Laparoscopic splenectomy versus partial splenic embolization for the management of hypersplenism in cirrhotic patients

Zhong Wu, PhD, Jin Zhou, PhD, Bing Peng, PhD

West China Hospital, Sichuan University

Introduction: Our study was conducted to assess the clinical safety and efficacy and long-term follow up of open splenectomy (OS) and laparoscopic splenectomy (LS) compared to partial splenic embolization (PSE) in the management of hypersplenism in cirrhotic patients.

Methods and procedures: This study was comprised of 147 patients with hypersplenism secondary to cirrhosis. Of the 147 patients, 51 underwent PSE, 46 underwent LS and 50 were treated by OS. In the PSE group, the mean embolization infarction was 46.3%. We reviewed the surgical method and the peri- and postoperative as well as follow-up outcomes. Responses to surgery were categorized as complete response (CR), defined as a platelet count ≥100×109/L and partial response (PR), defined as a platelet count 50-99×109/L. The follow-up period ranged from 4 to 40 months (mean 21 months).

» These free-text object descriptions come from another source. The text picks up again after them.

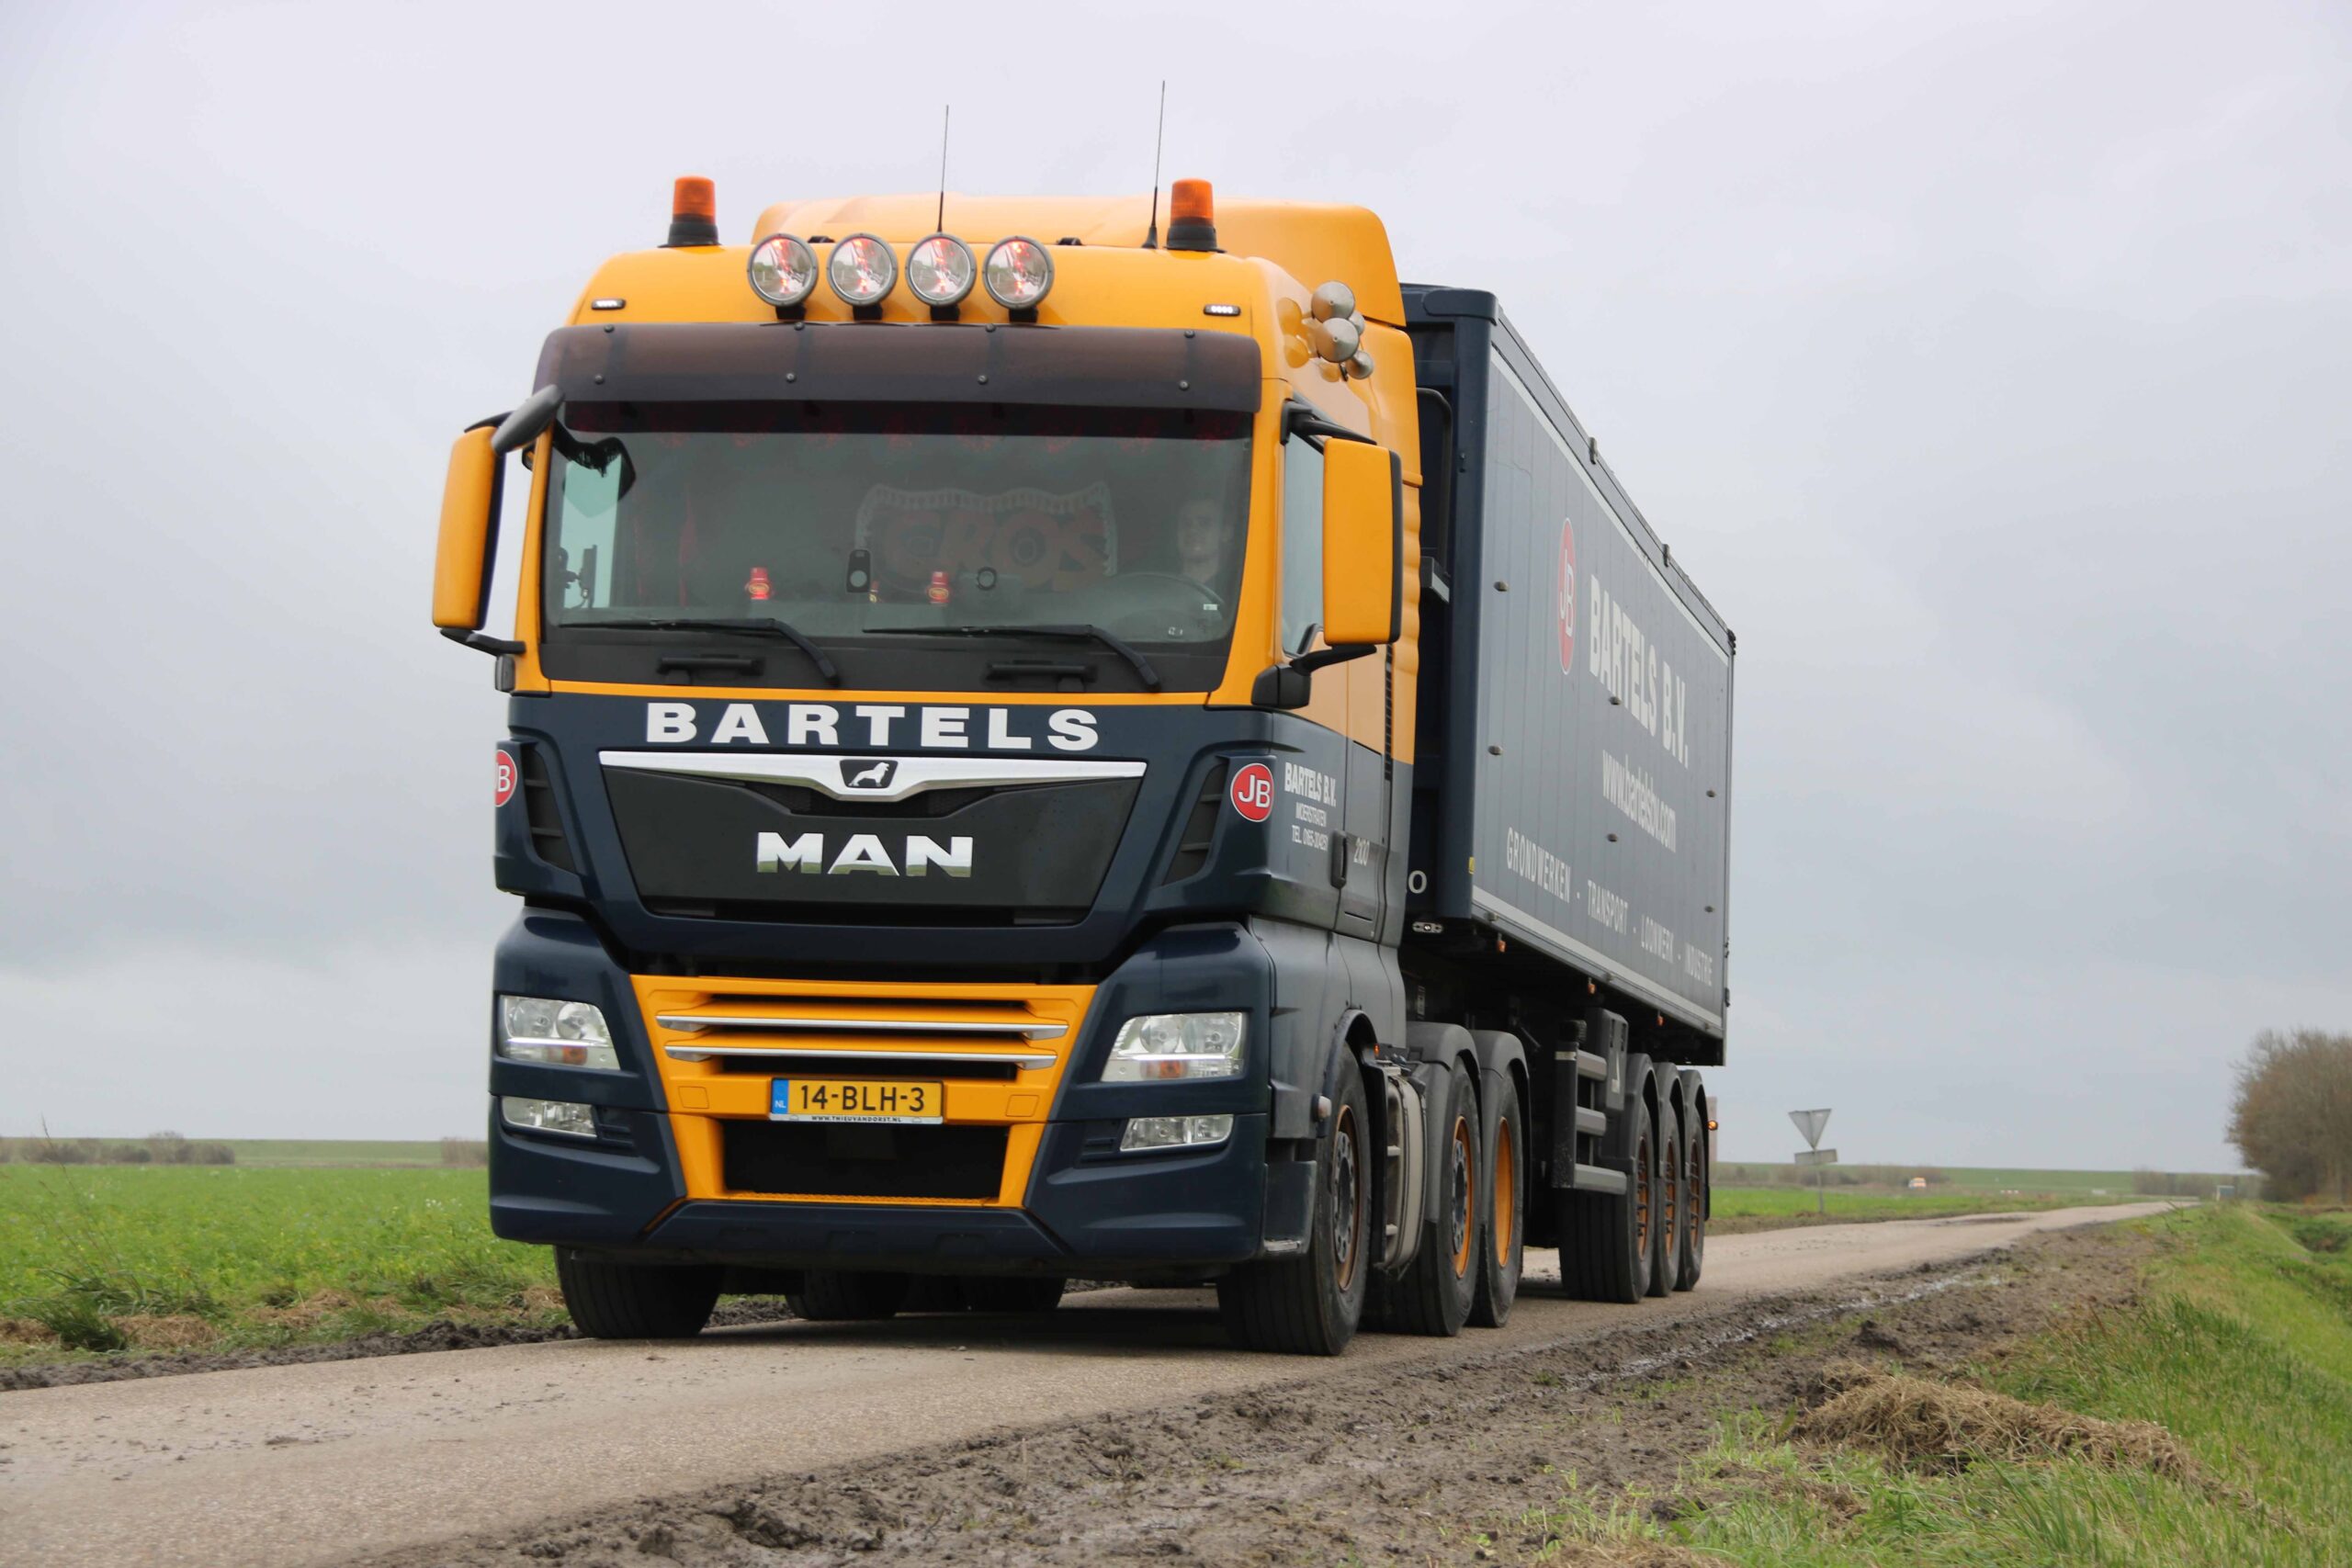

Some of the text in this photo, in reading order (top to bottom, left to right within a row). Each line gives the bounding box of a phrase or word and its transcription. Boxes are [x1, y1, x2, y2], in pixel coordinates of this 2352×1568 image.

[1560, 547, 1574, 637] JB
[1589, 573, 1689, 770] BARTELS B.V.
[646, 702, 1099, 751] BARTELS
[1238, 774, 1271, 808] JB
[1284, 761, 1337, 807] BARTELS B.V.
[756, 831, 973, 878] MAN
[1507, 827, 1571, 904] GRONDWERKEN
[1588, 879, 1629, 936] TRANSPORT
[775, 1084, 925, 1112] NL 14-BLH-3
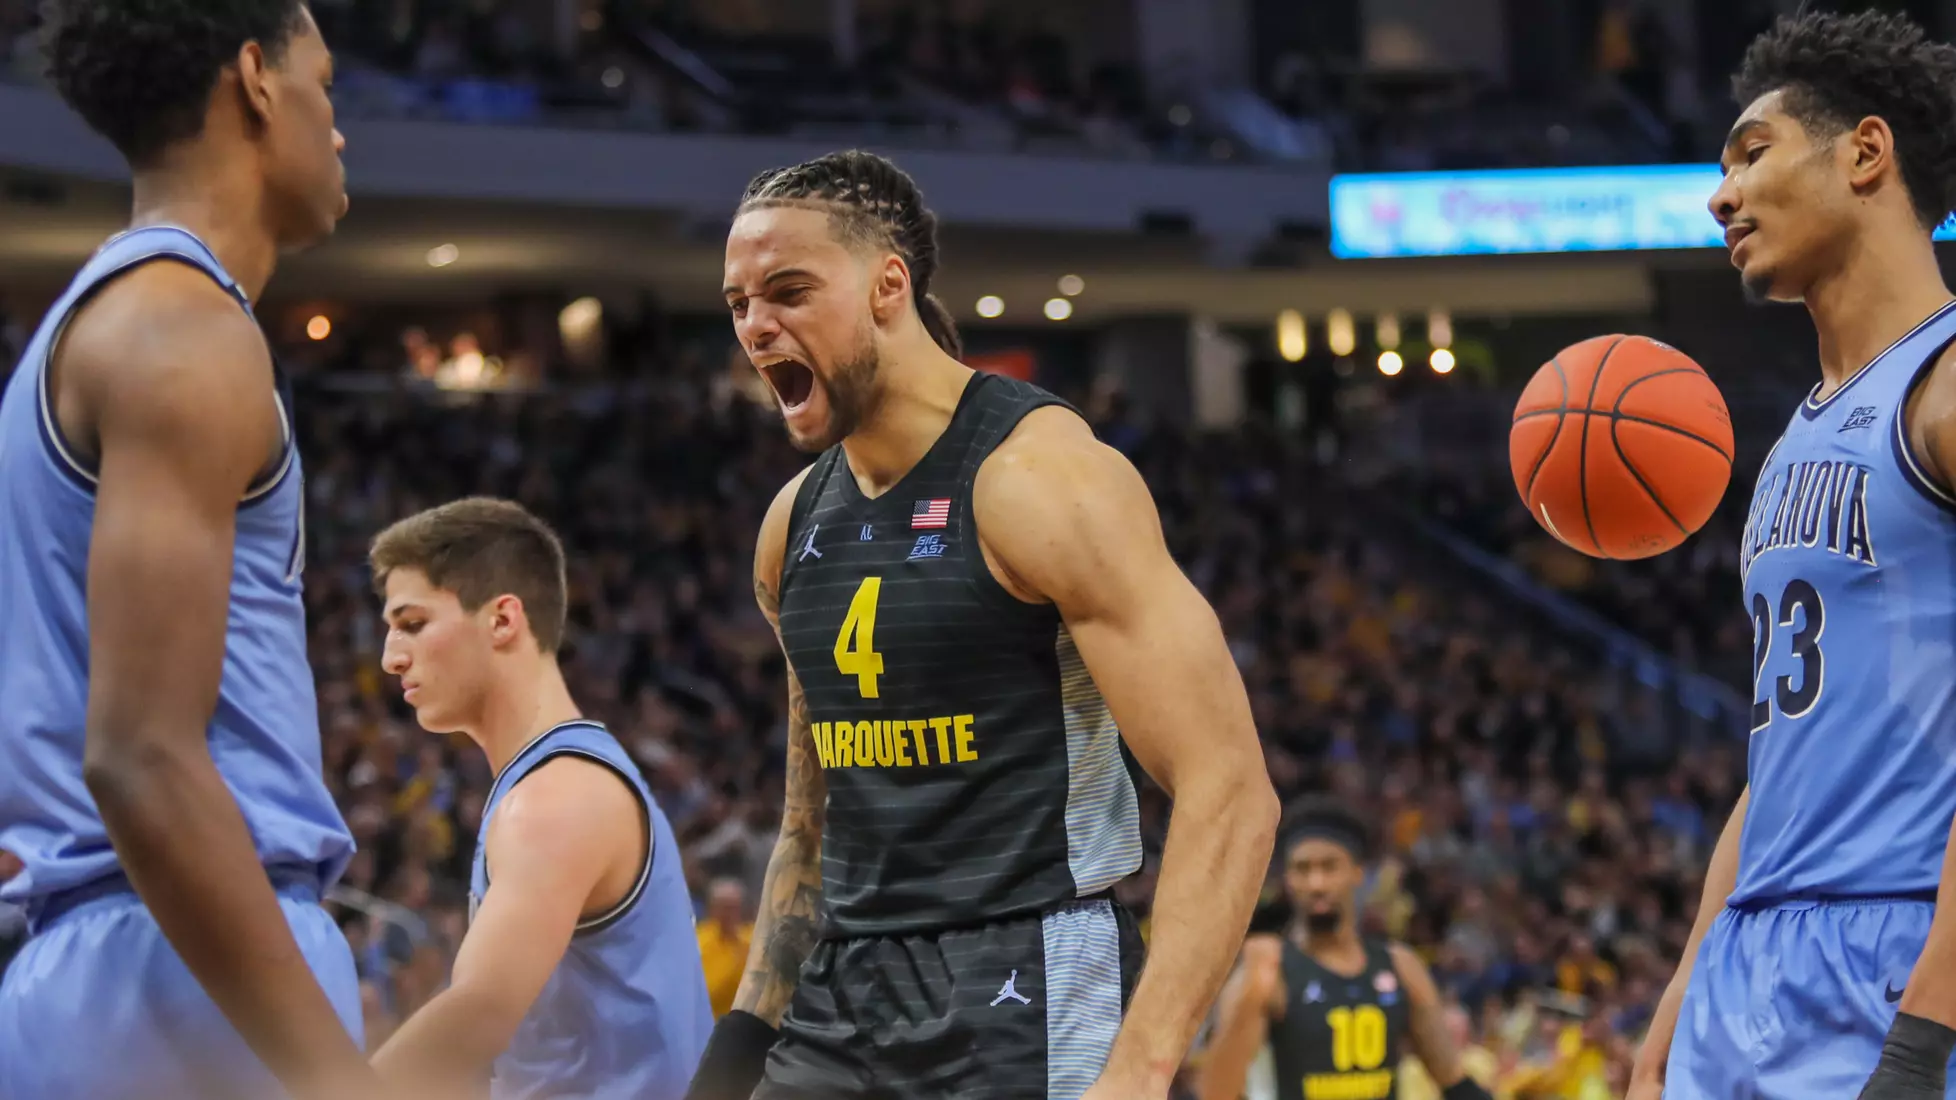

Results: No significant difference in preoperative demographics was found among the three groups, including age, gender distribution and Child-Pugh class. Intraoperatively, the mean operating time significantly increased from the PSE group (20.6 min) to the OS group (176.3 min) and LS group (198.5 min). Intraoperative blood loss sharply decreased from the OS group (410 ml) to the LS group (137.6 ml) to the PSE group (23 ml). Sixteen and ten patients from the OS and LS groups, respectively, received an intraoperative transfusion, while no patients from the PSE group received intraoperative transfusions. The mean postoperative hospital stay was 5.2 days in the PSE group, 7.3 days in the LS group and 9.5 days in the OS group. There were no perioperative (30 days) deaths in the LS and OS groups. Two patients died in the PSE group 5 days after surgery, due to bleeding and infective endocarditis and aortic valve perforation. The PSE group had a higher rate of postoperative complications (30 of 51, 59%) compared with the LS (8 of 46, 17%) and OS groups (15 of 50, 30%). All patients in the PSE group had problems related to postembolization syndrome that abated by the first week. Asymptomatic portal vein thrombosis developed in 3 patients in the PSE group, 2 in the LS group and one in the OS group. They were all treated with conservative therapy with good outcomes. During the follow up, 37 of 51 patients from the PSE group had a complete or partial clinical response (CR n=7, PR n=30), while all patients from the LS (CR n=45, PR n=1) and OS groups (CR n=47, PR n=3) had a complete or partial clinical response. The comparison between pre- and post-operative hematological parameters and liver function variables showed favorable improvement in all of the groups. The patients from the LS and OS groups had better results in hematological parameters and liver function variables than the PSE group during the follow up period.

Conclusions: LS is a long-term, effective therapeutic modality for the treatment of hypersplenism secondary to chronic liver disease, with fewer complications compared to OS and PSE.